[Recorded data — start]

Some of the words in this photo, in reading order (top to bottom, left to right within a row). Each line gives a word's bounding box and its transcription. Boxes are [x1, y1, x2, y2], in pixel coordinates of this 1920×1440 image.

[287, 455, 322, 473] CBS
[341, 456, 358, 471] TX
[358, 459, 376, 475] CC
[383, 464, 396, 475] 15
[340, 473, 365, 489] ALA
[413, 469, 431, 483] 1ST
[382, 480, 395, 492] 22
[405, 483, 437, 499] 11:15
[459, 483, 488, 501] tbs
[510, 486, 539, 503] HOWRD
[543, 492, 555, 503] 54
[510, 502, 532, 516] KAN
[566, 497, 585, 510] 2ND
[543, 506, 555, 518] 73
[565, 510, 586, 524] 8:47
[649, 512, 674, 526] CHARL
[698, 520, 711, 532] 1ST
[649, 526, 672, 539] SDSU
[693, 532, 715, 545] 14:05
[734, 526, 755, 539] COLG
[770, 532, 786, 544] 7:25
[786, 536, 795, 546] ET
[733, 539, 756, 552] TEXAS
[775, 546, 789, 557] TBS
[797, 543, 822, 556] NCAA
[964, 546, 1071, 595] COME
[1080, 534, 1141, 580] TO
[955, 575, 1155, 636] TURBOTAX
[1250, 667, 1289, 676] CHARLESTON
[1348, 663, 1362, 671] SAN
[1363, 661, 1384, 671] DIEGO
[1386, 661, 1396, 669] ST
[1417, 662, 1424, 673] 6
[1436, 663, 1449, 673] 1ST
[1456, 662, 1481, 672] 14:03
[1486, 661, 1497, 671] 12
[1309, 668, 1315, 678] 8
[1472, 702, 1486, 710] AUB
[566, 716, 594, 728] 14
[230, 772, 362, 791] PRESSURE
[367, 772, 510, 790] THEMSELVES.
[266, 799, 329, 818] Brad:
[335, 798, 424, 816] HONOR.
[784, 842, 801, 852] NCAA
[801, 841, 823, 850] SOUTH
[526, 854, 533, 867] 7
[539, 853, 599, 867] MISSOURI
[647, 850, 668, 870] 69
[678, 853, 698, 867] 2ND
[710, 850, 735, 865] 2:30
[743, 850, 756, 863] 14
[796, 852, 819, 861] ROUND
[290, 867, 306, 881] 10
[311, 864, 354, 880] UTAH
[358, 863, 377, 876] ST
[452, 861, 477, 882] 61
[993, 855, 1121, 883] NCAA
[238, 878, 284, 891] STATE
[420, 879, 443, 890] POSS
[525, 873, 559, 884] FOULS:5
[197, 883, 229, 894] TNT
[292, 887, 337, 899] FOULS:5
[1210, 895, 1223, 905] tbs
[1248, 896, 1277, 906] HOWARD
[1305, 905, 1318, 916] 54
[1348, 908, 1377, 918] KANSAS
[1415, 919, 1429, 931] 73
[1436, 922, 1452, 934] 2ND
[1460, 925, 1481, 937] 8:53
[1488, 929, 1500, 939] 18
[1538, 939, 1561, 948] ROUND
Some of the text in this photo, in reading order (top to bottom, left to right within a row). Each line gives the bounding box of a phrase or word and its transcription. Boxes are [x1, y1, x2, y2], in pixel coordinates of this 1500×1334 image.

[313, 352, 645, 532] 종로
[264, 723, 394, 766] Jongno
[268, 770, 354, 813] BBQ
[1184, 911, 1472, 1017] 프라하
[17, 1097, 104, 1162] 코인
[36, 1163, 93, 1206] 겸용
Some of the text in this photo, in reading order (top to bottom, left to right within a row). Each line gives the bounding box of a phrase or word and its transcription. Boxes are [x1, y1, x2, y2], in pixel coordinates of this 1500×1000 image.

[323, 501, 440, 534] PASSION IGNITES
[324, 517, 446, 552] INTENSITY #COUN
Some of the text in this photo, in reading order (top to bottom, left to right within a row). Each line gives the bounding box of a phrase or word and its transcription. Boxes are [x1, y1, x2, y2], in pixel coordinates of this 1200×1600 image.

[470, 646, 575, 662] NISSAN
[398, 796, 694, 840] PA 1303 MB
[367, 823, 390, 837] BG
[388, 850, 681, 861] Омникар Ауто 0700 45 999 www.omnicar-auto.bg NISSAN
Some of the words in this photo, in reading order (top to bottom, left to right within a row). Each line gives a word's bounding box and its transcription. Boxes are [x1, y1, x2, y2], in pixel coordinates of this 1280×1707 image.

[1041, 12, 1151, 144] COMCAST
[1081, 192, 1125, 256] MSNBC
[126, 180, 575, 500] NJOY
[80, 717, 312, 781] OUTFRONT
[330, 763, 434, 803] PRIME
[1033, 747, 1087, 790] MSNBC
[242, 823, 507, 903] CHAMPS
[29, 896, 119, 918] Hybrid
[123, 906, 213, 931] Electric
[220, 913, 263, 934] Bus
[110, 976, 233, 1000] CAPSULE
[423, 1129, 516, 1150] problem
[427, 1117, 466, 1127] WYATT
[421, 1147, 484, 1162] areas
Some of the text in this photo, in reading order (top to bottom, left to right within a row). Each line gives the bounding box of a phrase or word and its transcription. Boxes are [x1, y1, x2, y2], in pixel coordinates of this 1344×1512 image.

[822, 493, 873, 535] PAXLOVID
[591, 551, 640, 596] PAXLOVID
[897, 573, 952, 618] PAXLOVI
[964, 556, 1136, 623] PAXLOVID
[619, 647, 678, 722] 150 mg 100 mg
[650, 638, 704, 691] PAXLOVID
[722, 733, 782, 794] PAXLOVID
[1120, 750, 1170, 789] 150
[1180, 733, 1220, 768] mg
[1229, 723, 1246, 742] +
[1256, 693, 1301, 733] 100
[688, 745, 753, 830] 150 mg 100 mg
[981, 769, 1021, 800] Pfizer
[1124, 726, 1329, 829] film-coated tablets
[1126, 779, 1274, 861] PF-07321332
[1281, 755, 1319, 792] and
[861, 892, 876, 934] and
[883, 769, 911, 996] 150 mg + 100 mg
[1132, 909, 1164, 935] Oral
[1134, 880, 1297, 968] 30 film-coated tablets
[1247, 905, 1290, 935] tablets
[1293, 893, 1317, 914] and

[Recorded data — finish]

- _Exercise_
Every entry above should be given again exactly as shown.

- _Output below_
Some of the words in this photo, in reading order (top to bottom, left to right within a row). Each line gives a word's bounding box and its transcription. Boxes are [x1, y1, x2, y2], in pixel coordinates of this 1920×1440 image.

[287, 455, 322, 473] CBS
[341, 456, 358, 471] TX
[358, 459, 376, 475] CC
[383, 464, 396, 475] 15
[340, 473, 365, 489] ALA
[413, 469, 431, 483] 1ST
[382, 480, 395, 492] 22
[405, 483, 437, 499] 11:15
[459, 483, 488, 501] tbs
[510, 486, 539, 503] HOWRD
[543, 492, 555, 503] 54
[510, 502, 532, 516] KAN
[566, 497, 585, 510] 2ND
[543, 506, 555, 518] 73
[565, 510, 586, 524] 8:47
[649, 512, 674, 526] CHARL
[698, 520, 711, 532] 1ST
[649, 526, 672, 539] SDSU
[693, 532, 715, 545] 14:05
[734, 526, 755, 539] COLG
[770, 532, 786, 544] 7:25
[786, 536, 795, 546] ET
[733, 539, 756, 552] TEXAS
[775, 546, 789, 557] TBS
[797, 543, 822, 556] NCAA
[964, 546, 1071, 595] COME
[1080, 534, 1141, 580] TO
[955, 575, 1155, 636] TURBOTAX
[1250, 667, 1289, 676] CHARLESTON
[1348, 663, 1362, 671] SAN
[1363, 661, 1384, 671] DIEGO
[1386, 661, 1396, 669] ST
[1417, 662, 1424, 673] 6
[1436, 663, 1449, 673] 1ST
[1456, 662, 1481, 672] 14:03
[1486, 661, 1497, 671] 12
[1309, 668, 1315, 678] 8
[1472, 702, 1486, 710] AUB
[566, 716, 594, 728] 14
[230, 772, 362, 791] PRESSURE
[367, 772, 510, 790] THEMSELVES.
[266, 799, 329, 818] Brad:
[335, 798, 424, 816] HONOR.
[784, 842, 801, 852] NCAA
[801, 841, 823, 850] SOUTH
[526, 854, 533, 867] 7
[539, 853, 599, 867] MISSOURI
[647, 850, 668, 870] 69
[678, 853, 698, 867] 2ND
[710, 850, 735, 865] 2:30
[743, 850, 756, 863] 14
[796, 852, 819, 861] ROUND
[290, 867, 306, 881] 10
[311, 864, 354, 880] UTAH
[358, 863, 377, 876] ST
[452, 861, 477, 882] 61
[993, 855, 1121, 883] NCAA
[238, 878, 284, 891] STATE
[420, 879, 443, 890] POSS
[525, 873, 559, 884] FOULS:5
[197, 883, 229, 894] TNT
[292, 887, 337, 899] FOULS:5
[1210, 895, 1223, 905] tbs
[1248, 896, 1277, 906] HOWARD
[1305, 905, 1318, 916] 54
[1348, 908, 1377, 918] KANSAS
[1415, 919, 1429, 931] 73
[1436, 922, 1452, 934] 2ND
[1460, 925, 1481, 937] 8:53
[1488, 929, 1500, 939] 18
[1538, 939, 1561, 948] ROUND
Some of the text in this photo, in reading order (top to bottom, left to right within a row). Each line gives the bounding box of a phrase or word and its transcription. Boxes are [x1, y1, x2, y2], in pixel coordinates of this 1500×1334 image.

[313, 352, 645, 532] 종로
[264, 723, 394, 766] Jongno
[268, 770, 354, 813] BBQ
[1184, 911, 1472, 1017] 프라하
[17, 1097, 104, 1162] 코인
[36, 1163, 93, 1206] 겸용
Some of the text in this photo, in reading order (top to bottom, left to right within a row). Each line gives the bounding box of a phrase or word and its transcription. Boxes are [x1, y1, x2, y2], in pixel coordinates of this 1500×1000 image.

[323, 501, 440, 534] PASSION IGNITES
[324, 517, 446, 552] INTENSITY #COUN
Some of the text in this photo, in reading order (top to bottom, left to right within a row). Each line gives the bounding box of a phrase or word and its transcription. Boxes are [x1, y1, x2, y2], in pixel coordinates of this 1200×1600 image.

[470, 646, 575, 662] NISSAN
[398, 796, 694, 840] PA 1303 MB
[367, 823, 390, 837] BG
[388, 850, 681, 861] Омникар Ауто 0700 45 999 www.omnicar-auto.bg NISSAN
Some of the words in this photo, in reading order (top to bottom, left to right within a row). Each line gives a word's bounding box and its transcription. Boxes are [x1, y1, x2, y2], in pixel coordinates of this 1280×1707 image.

[1041, 12, 1151, 144] COMCAST
[1081, 192, 1125, 256] MSNBC
[126, 180, 575, 500] NJOY
[80, 717, 312, 781] OUTFRONT
[330, 763, 434, 803] PRIME
[1033, 747, 1087, 790] MSNBC
[242, 823, 507, 903] CHAMPS
[29, 896, 119, 918] Hybrid
[123, 906, 213, 931] Electric
[220, 913, 263, 934] Bus
[110, 976, 233, 1000] CAPSULE
[423, 1129, 516, 1150] problem
[427, 1117, 466, 1127] WYATT
[421, 1147, 484, 1162] areas
Some of the text in this photo, in reading order (top to bottom, left to right within a row). Each line gives the bounding box of a phrase or word and its transcription. Boxes are [x1, y1, x2, y2], in pixel coordinates of this 1344×1512 image.

[822, 493, 873, 535] PAXLOVID
[591, 551, 640, 596] PAXLOVID
[897, 573, 952, 618] PAXLOVI
[964, 556, 1136, 623] PAXLOVID
[619, 647, 678, 722] 150 mg 100 mg
[650, 638, 704, 691] PAXLOVID
[722, 733, 782, 794] PAXLOVID
[1120, 750, 1170, 789] 150
[1180, 733, 1220, 768] mg
[1229, 723, 1246, 742] +
[1256, 693, 1301, 733] 100
[688, 745, 753, 830] 150 mg 100 mg
[981, 769, 1021, 800] Pfizer
[1124, 726, 1329, 829] film-coated tablets
[1126, 779, 1274, 861] PF-07321332
[1281, 755, 1319, 792] and
[861, 892, 876, 934] and
[883, 769, 911, 996] 150 mg + 100 mg
[1132, 909, 1164, 935] Oral
[1134, 880, 1297, 968] 30 film-coated tablets
[1247, 905, 1290, 935] tablets
[1293, 893, 1317, 914] and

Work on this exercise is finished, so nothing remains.